## To do
Below are the entries; return exactly the line with "this 1080×1920 image." and every later line, without anything else.

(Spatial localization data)

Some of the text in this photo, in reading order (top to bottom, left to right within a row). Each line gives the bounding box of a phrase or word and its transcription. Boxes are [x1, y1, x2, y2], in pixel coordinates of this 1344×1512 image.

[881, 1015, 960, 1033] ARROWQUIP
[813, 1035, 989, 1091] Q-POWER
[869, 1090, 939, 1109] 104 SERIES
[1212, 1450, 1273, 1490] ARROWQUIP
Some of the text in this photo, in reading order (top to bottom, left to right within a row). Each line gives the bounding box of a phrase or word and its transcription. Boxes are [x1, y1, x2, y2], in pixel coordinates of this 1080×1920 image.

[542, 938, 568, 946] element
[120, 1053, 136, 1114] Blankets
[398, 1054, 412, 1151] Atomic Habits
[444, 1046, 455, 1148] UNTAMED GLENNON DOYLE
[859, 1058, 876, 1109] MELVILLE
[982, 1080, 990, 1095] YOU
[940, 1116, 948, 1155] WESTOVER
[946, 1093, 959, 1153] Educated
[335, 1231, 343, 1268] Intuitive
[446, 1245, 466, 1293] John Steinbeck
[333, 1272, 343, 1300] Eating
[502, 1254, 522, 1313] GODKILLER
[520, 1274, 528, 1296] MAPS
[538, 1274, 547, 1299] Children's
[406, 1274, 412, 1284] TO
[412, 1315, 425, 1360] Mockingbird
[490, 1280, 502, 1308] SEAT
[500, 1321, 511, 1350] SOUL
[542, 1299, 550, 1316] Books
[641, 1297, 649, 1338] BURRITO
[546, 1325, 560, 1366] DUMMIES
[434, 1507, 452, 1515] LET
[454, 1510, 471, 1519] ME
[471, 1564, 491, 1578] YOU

## Worked solution
Some of the text in this photo, in reading order (top to bottom, left to right within a row). Each line gives the bounding box of a phrase or word and its transcription. Boxes are [x1, y1, x2, y2], in pixel coordinates of this 1080×1920 image.

[542, 938, 568, 946] element
[120, 1053, 136, 1114] Blankets
[398, 1054, 412, 1151] Atomic Habits
[444, 1046, 455, 1148] UNTAMED GLENNON DOYLE
[859, 1058, 876, 1109] MELVILLE
[982, 1080, 990, 1095] YOU
[940, 1116, 948, 1155] WESTOVER
[946, 1093, 959, 1153] Educated
[335, 1231, 343, 1268] Intuitive
[446, 1245, 466, 1293] John Steinbeck
[333, 1272, 343, 1300] Eating
[502, 1254, 522, 1313] GODKILLER
[520, 1274, 528, 1296] MAPS
[538, 1274, 547, 1299] Children's
[406, 1274, 412, 1284] TO
[412, 1315, 425, 1360] Mockingbird
[490, 1280, 502, 1308] SEAT
[500, 1321, 511, 1350] SOUL
[542, 1299, 550, 1316] Books
[641, 1297, 649, 1338] BURRITO
[546, 1325, 560, 1366] DUMMIES
[434, 1507, 452, 1515] LET
[454, 1510, 471, 1519] ME
[471, 1564, 491, 1578] YOU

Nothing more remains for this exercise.